## Problem to work on
Repeat the listing exactly. The images do not belong in the copy.

## Data supplied
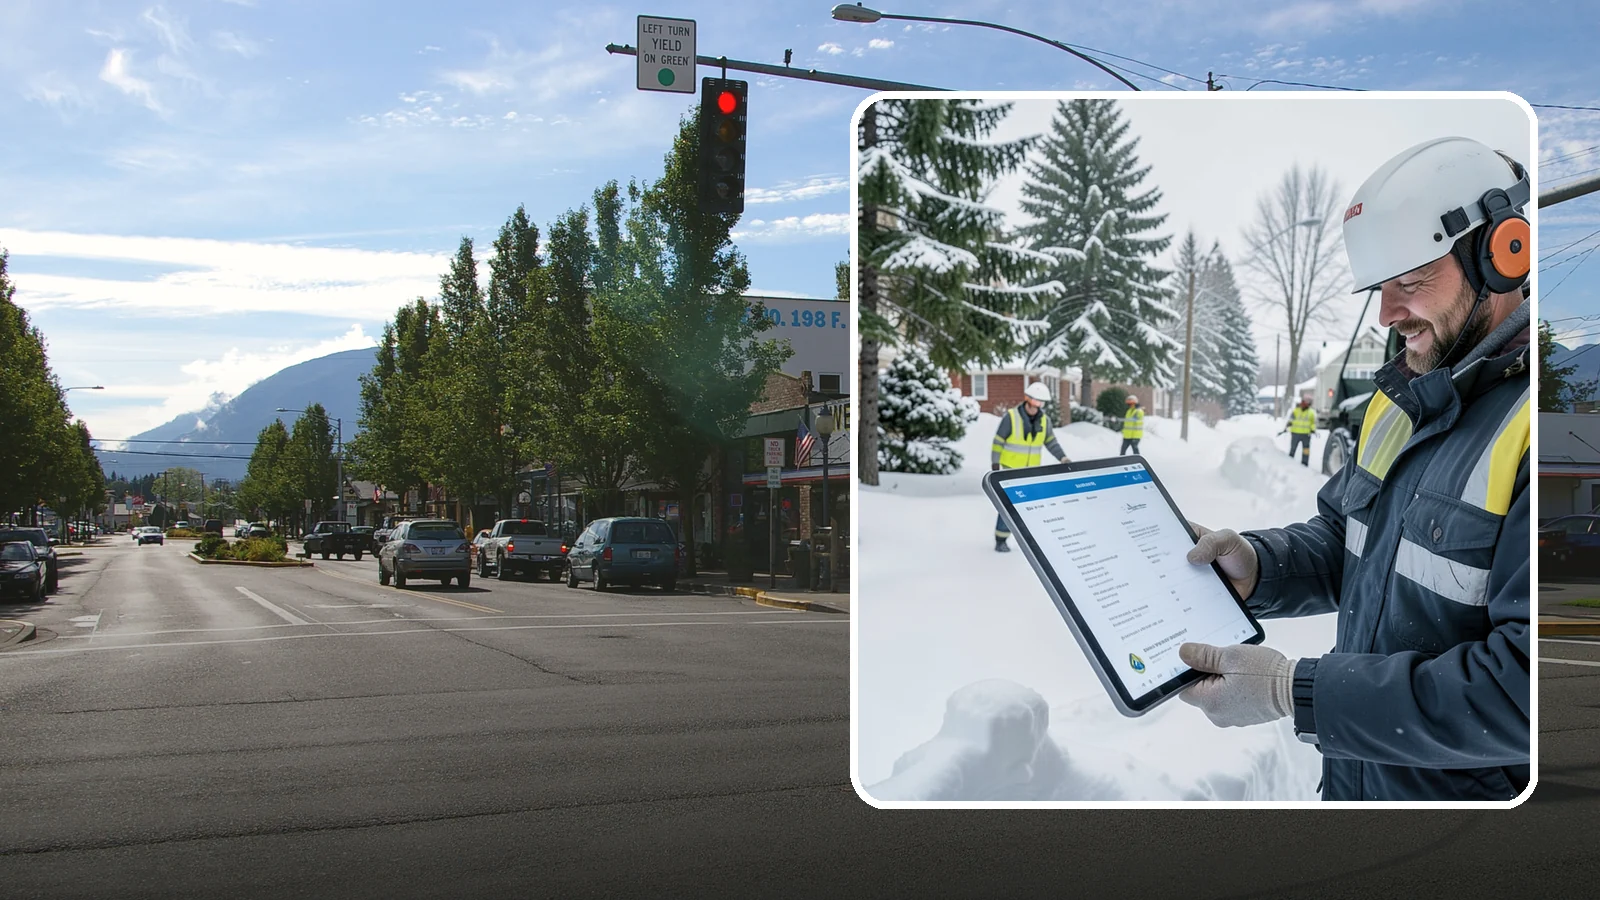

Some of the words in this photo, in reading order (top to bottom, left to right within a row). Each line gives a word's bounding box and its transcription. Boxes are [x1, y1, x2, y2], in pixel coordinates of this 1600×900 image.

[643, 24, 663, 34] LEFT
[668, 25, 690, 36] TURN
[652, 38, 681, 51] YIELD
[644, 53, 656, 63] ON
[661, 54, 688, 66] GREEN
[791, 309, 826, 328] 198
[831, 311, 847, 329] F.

## Written answer
Some of the words in this photo, in reading order (top to bottom, left to right within a row). Each line gives a word's bounding box and its transcription. Boxes are [x1, y1, x2, y2], in pixel coordinates of this 1600×900 image.

[643, 24, 663, 34] LEFT
[668, 25, 690, 36] TURN
[652, 38, 681, 51] YIELD
[644, 53, 656, 63] ON
[661, 54, 688, 66] GREEN
[791, 309, 826, 328] 198
[831, 311, 847, 329] F.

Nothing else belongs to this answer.